De todos modos, en nuestros juegos acuáticos encontré un sustituto ideal de nuestras guerras chancletísticas. Todo ocurrió de manera casual: estábamos en el río y Ariel intentaba treparse a mi cabeza (todo indica que con la nada sutil intención de colocarla por debajo de la línea de flotación). Llevando a cabo ingentes esfuerzos por quitármelo de encima, lo hice caer al agua de espaldas. Entonces aproveché su momentánea indefensión, lo alcé en mis brazos como si fuera a acunarlo (más ajustado a mi sentir del momento sería decir "como si fuera a sacrificarlo en un altar maya") y, después de varios amagues, lo revoleé lo más lejos posible. Cayó como si fuera una bolsa de papas, levantando una considerable ola a su alrededor.
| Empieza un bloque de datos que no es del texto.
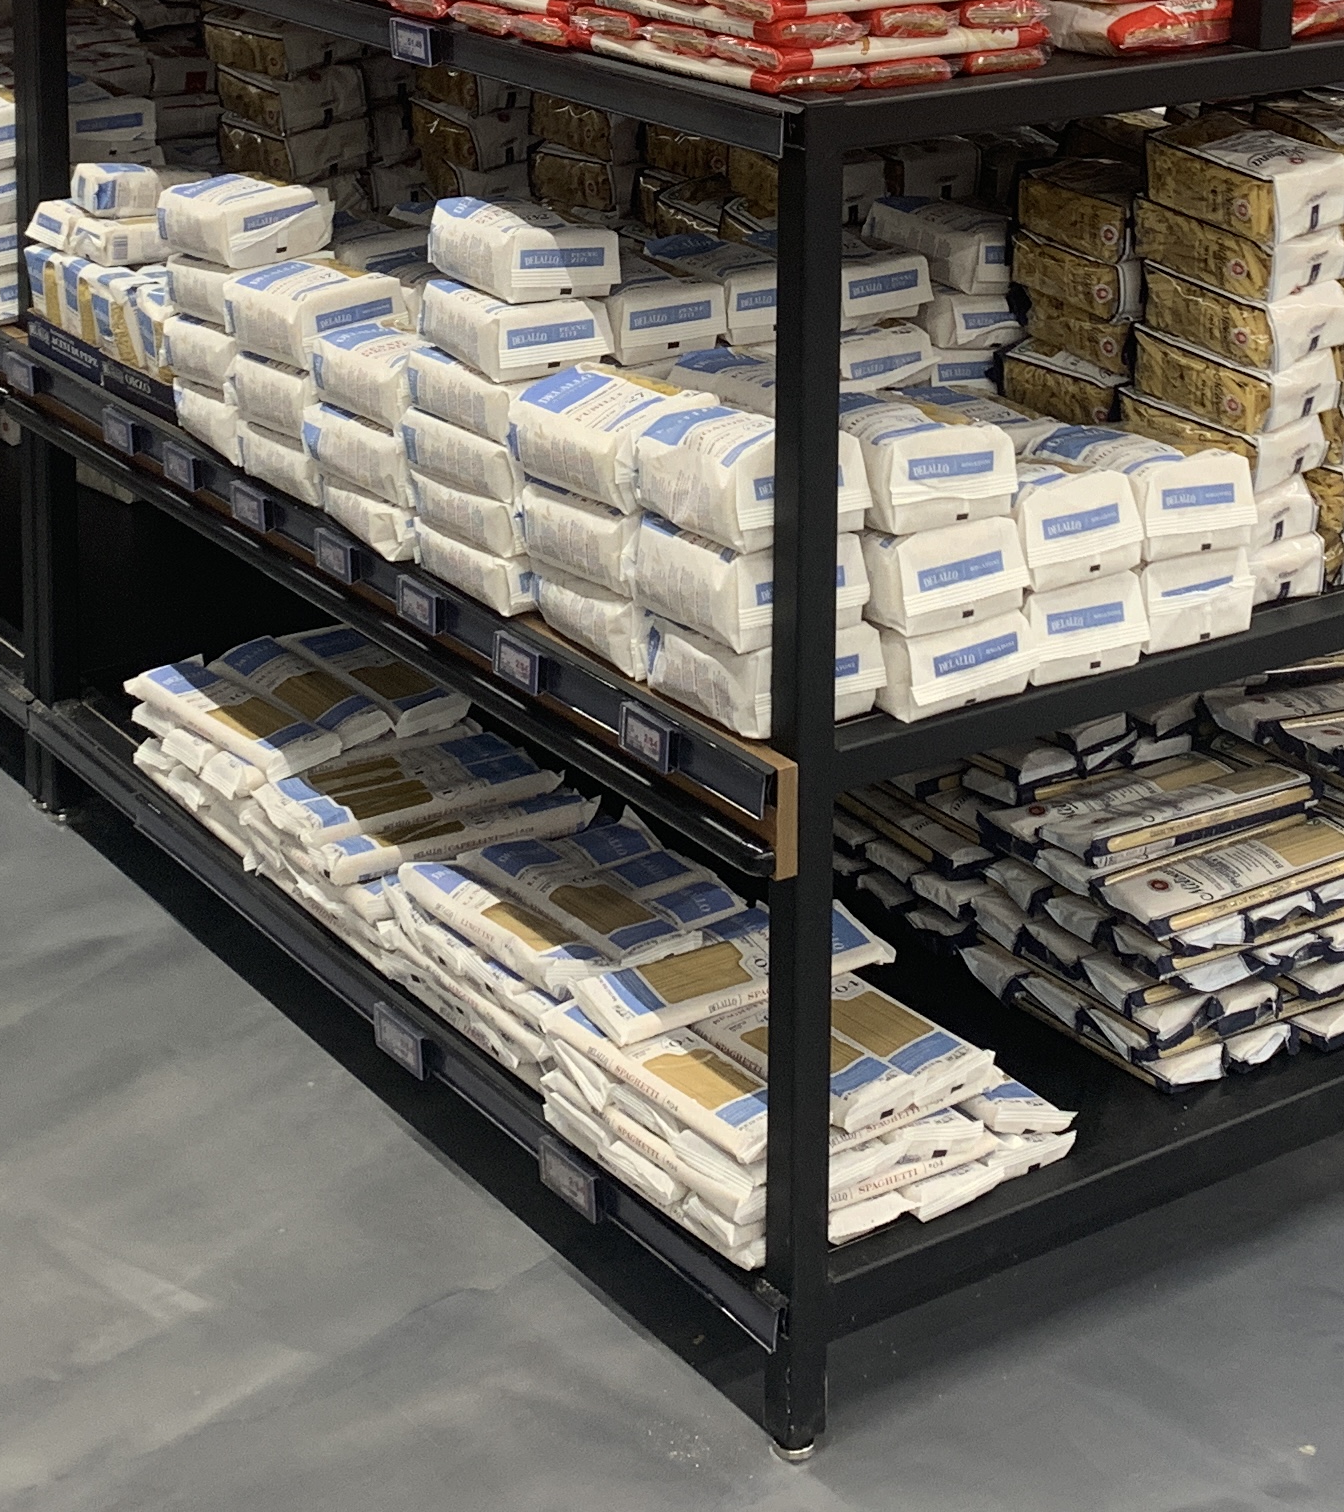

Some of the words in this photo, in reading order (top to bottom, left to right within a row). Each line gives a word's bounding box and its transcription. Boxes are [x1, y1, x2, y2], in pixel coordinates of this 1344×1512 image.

Sé que puede sonar exagerado, pero fue algo realmente fantástico, casi una epifanía. Ariel emergió de las aguas chocho de la vida y vino hacia mí en busca de un nuevo vuelo rasante. Yo reiteré la maniobra y comprobé (comprobamos) que la flamante disciplina deportiva -"el lanzamiento de Ariel"- constituía una diversión maravillosa para ambas partes. Es más, ni siquiera debía preocuparme por controlar mis fuerzas como en las luchas y en las guerras de chancletas. Al contrario, mientras más lejos caía Ariel en el río, más felices éramos los dos.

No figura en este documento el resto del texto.